Sé que me repito, sí, lo sé, pero últimamente tengo la sensación de que el mito de la Torre de Babel vuelve a estar de actualidad. Cuenta el Génesis que Dios hizo confundir las lenguas de los que quisieron construir una torre hasta el Cielo para que no pudieran entenderse unos a otros, lo que provocó el caos y la dispersión de la gente por toda la Tierra.

Chesterton, en su obra “Eugenesia y otras desgracias”, escribió que «cuanto mayor la velocidad del periodista, más lentos sus pensamientos». Tras el último terremoto en las costas próximas a Lisboa, los informativos dieron cuenta inmediata de la localización geográfica precisa del epicentro en el litoral portugués y al menos uno de ellos, el de mayor audiencia en televisión, precisó la profundidad a la que dicho punto se encontraba. No contentos con eso subrayaron que se trataba de un «simulacro real».

La verdad es que uno ya no espera demasiado de la capacidad de los mass media para transmitir información veraz, contrastada y precisa sobre cualquier suceso en el mundo.

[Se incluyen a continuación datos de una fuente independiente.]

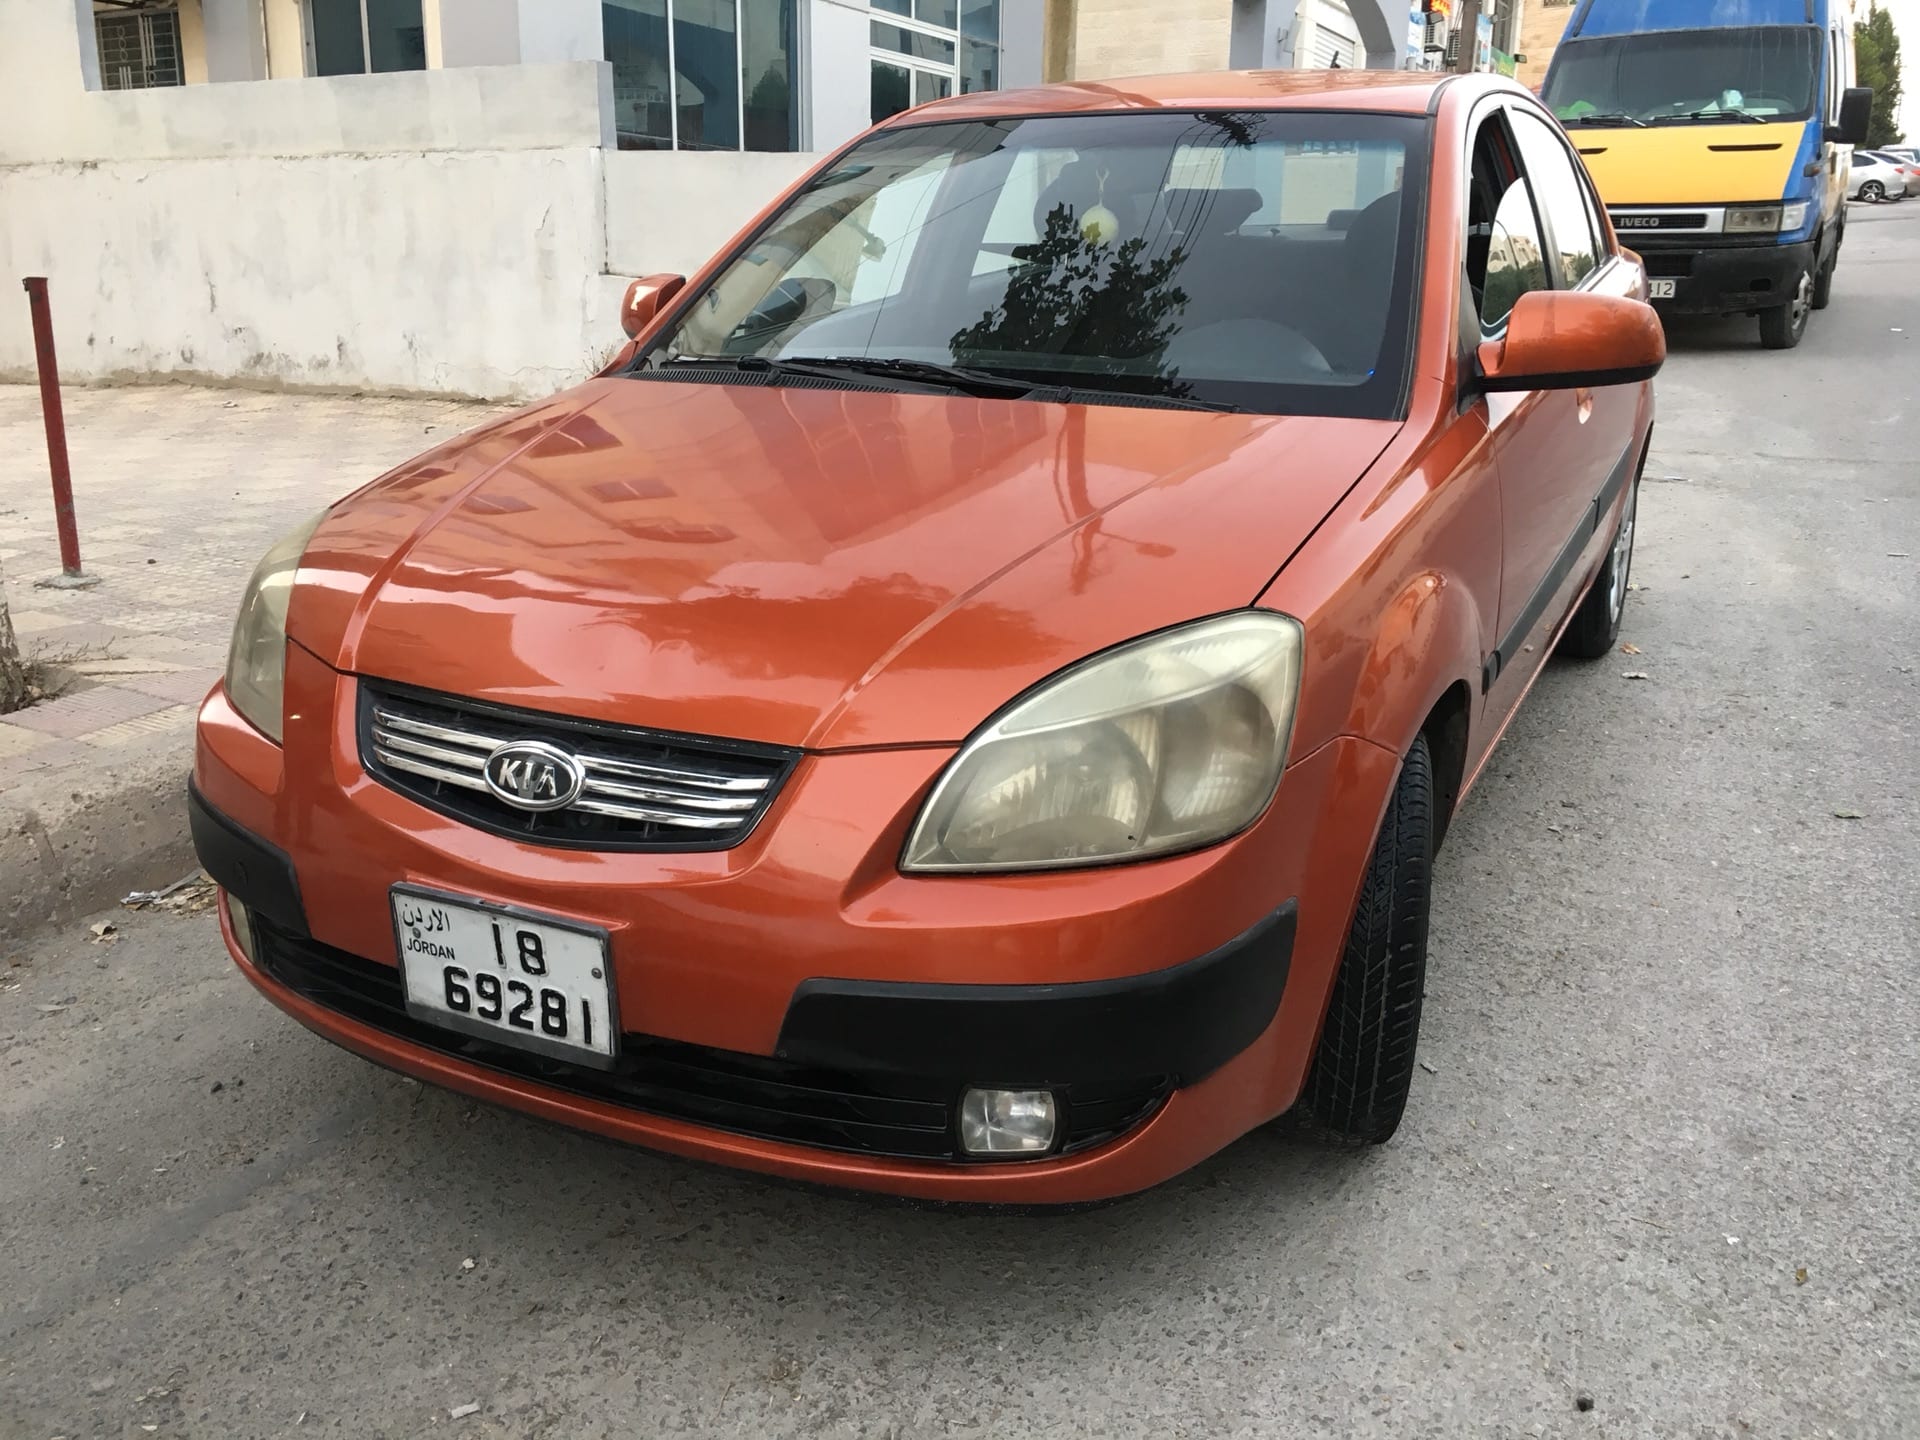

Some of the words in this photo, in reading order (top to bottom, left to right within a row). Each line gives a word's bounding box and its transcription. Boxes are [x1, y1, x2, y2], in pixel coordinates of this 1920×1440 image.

[1620, 217, 1660, 227] IVECO
[498, 757, 557, 797] KIA
[407, 938, 456, 961] JORDAN
[443, 966, 592, 1045] 69281

No me asombra ya que alguien, que se autodefine como de letras, desconozca el significado del prefijo “epi” en griego, ni que no se guarde la concordancia de género al hablar; si un legionario de pelo en pecho, casado y con tres hijos puede acercarse una mañana al registro civil e inscribirse como mujer, ¿por qué los adjetivos numerales como miles, o cientos, no van a poder mutar su género masculino a femenino a voluntad del hablante, en función del conjunto al que se refiera en cada caso?

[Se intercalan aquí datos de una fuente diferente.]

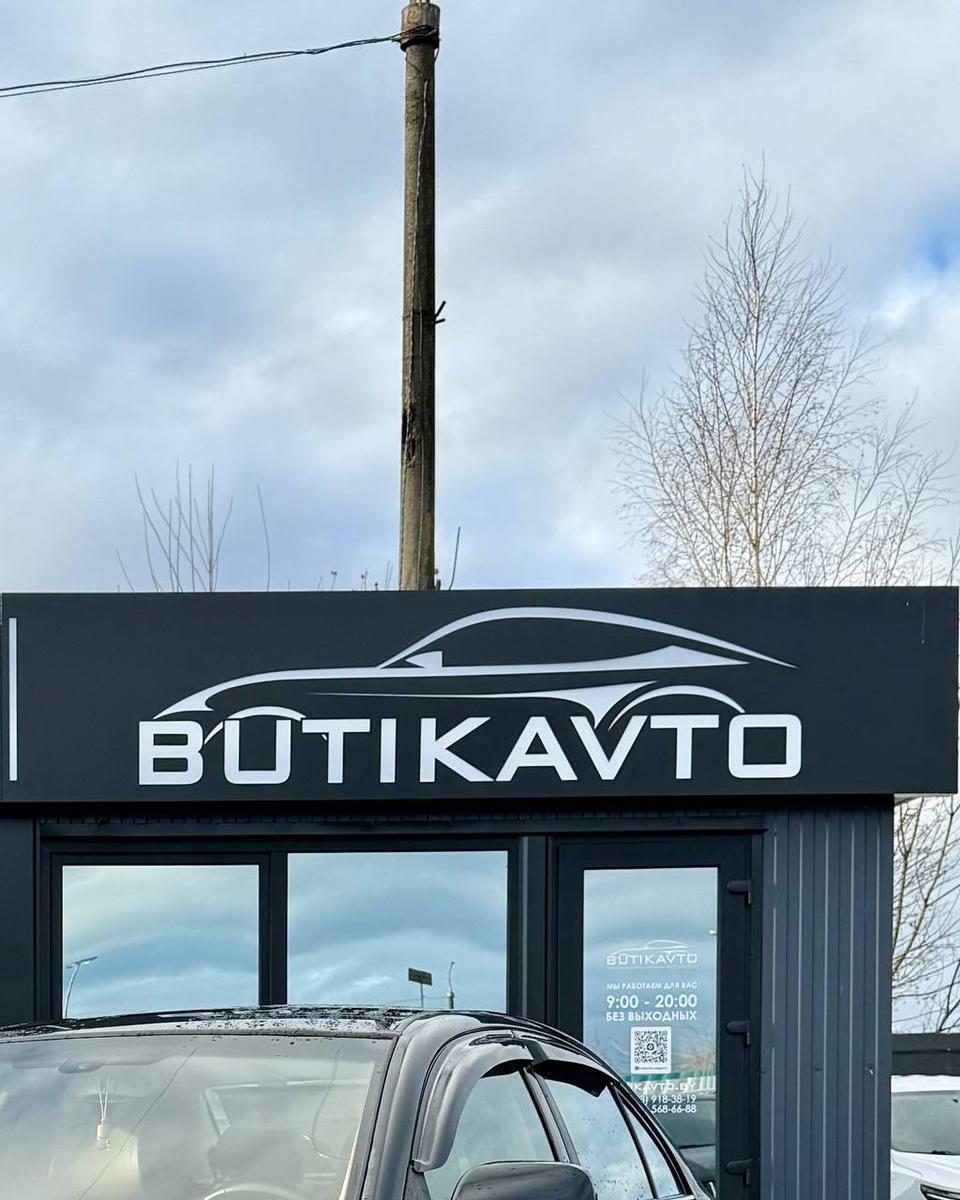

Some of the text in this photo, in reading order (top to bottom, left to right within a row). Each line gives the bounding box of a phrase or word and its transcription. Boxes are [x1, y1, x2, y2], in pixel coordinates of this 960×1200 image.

[139, 712, 803, 786] BUTIKAVTO
[606, 953, 698, 966] BUTIKAVTO
[621, 982, 662, 990] РАБОТАЕМ
[681, 981, 698, 989] ВАС
[606, 995, 639, 1009] 9:00
[654, 993, 698, 1008] 20:00
[606, 1010, 697, 1022] БЕЗ ВЫХОДНЫХ
[651, 1093, 697, 1104] 918-38-19
[651, 1104, 697, 1114] 568-66-88

El lenguaje se empobrece, pierde sus raíces, importa más el tono que el fondo y los debates desaparecen, siendo sustituidos por diálogos de besugos en el mejor de los casos, cuando no por feroces intercambios de vocablos mal pronunciados, a imitación de nuestros líderes, empeñados en convertir el eufemismo en patrimonio inmaterial de la humanidad.

No sé cuántas veces ha intentado este gobierno que padecemos con una mansedumbre digna del más entrenado rebaño, explicar lo inexplicable, hacer pasar por blanco lo negro, o lo verde por rojo, con el indiscutible resultado de no explicar nada de nada, siendo muy evidente que lo que se busca es, precisamente, confusión. Saben que ya no procesamos los discursos, son conscientes de que los mensajes han perdido el contenido y de que las palabras discurren de un oído a otro sin perturbar las meninges…

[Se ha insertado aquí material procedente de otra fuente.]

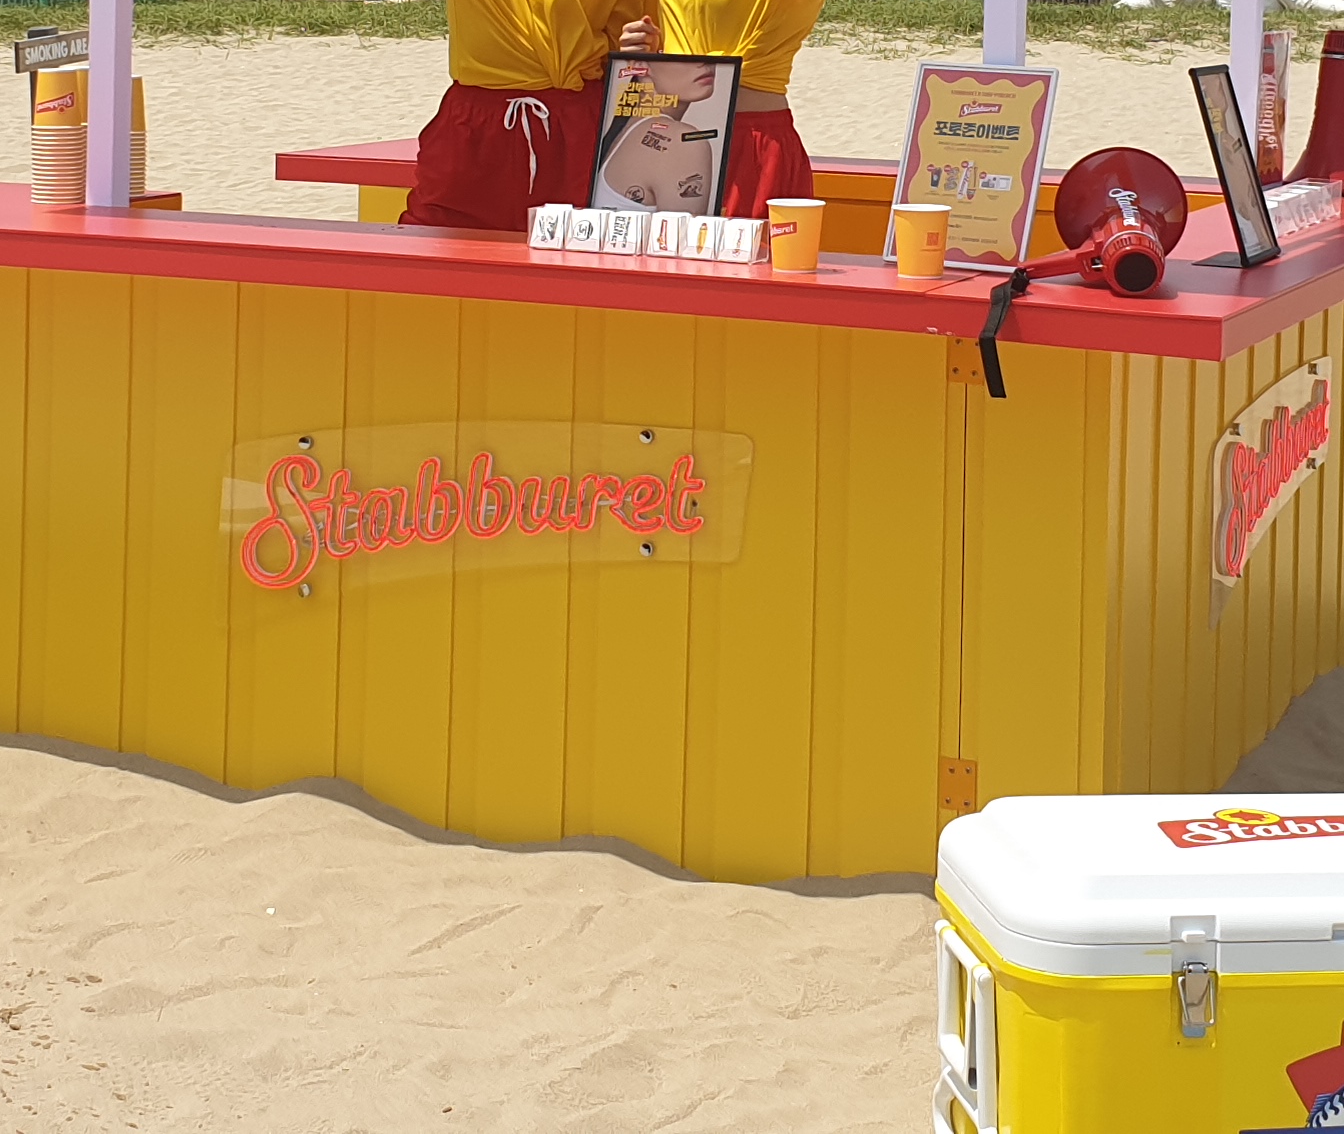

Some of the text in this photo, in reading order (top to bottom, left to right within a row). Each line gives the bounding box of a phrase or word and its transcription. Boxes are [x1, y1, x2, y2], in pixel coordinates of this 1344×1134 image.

Ignoro cómo se originó la Babel bíblica, aquel caos lingüístico que engendró las distintas lenguas. En un tiempo sin medios de comunicación, sin Internet, ni radio, sin prensa, ni gente que supiera leer, hizo falta una intervención divina directa. Hoy bastaría con dejar a la vicepresidenta del ejecutivo ante los micrófonos para producir un estado de confusión equiparable, sin necesidad de mediación sobrenatural alguna.

Cada vez que la flamante ministra de Hacienda se propone explicar lo inefable, un torrente de palabrería retórica brota de su boca y se derrama sobre la grey, sofronizándola para que admita sin rechistar distingos quiméricos, como que privilegiar a una comunidad autónoma singular resulta de lo más conveniente para el resto ¡Todo vale! Con tal de conseguir su objetivo, que no es otro que permanecer fuertemente agarrados al sillón presidencial.

Sería inútil glosar la lista infinita de intervenciones delirantes y contradictorias de diferentes miembros del staff gobernante, con las que han querido distraernos a coro y convencernos de una cosa y su contraria a lo largo de los últimos años. Si tiene curiosidad puede acudir a sus redes sociales, donde a golpe de tweet se despachan a placer sin preocuparse ni siquiera de releerse a sí mismos. Del otro lado, la oposición no les anda a la zaga en lo que a retorcer el diccionario se refiere, con el resultado de todos conocido.

En el tercer debate del XVI Seminario Internacional de Lengua y Periodismo, organizado por la Fundación del Español Urgente (FundéuRAE) con el lema: “Llamar a las cosas por su nombre: terminología para conectar a las personas”, su vicepresidenta y presidenta de la Agencia EFE, Gabriela Cañas, hablando del cambio climático, dijo que: «hay que estar buscando palabras todo el tiempo para definir lo mismo, y eso demuestra impotencia (…) se ven obligados a ir cambiando las palabras para ir asustando (…) igual de importante que concienciar a los ciudadanos es conseguir que los Gobiernos cambien, para que haya decisiones que perduren en el tiempo: la inacción es lo que lleva a jugar con las palabras».

¡Digamos basta! ¿No es hora de que exijamos un lenguaje claro, que nos permita entender lo que realmente está pasando? Dejemos de arrojarnos zascas y empecemos a hablar, llamemos a las cosas por su nombre, a ver si así nos entendemos.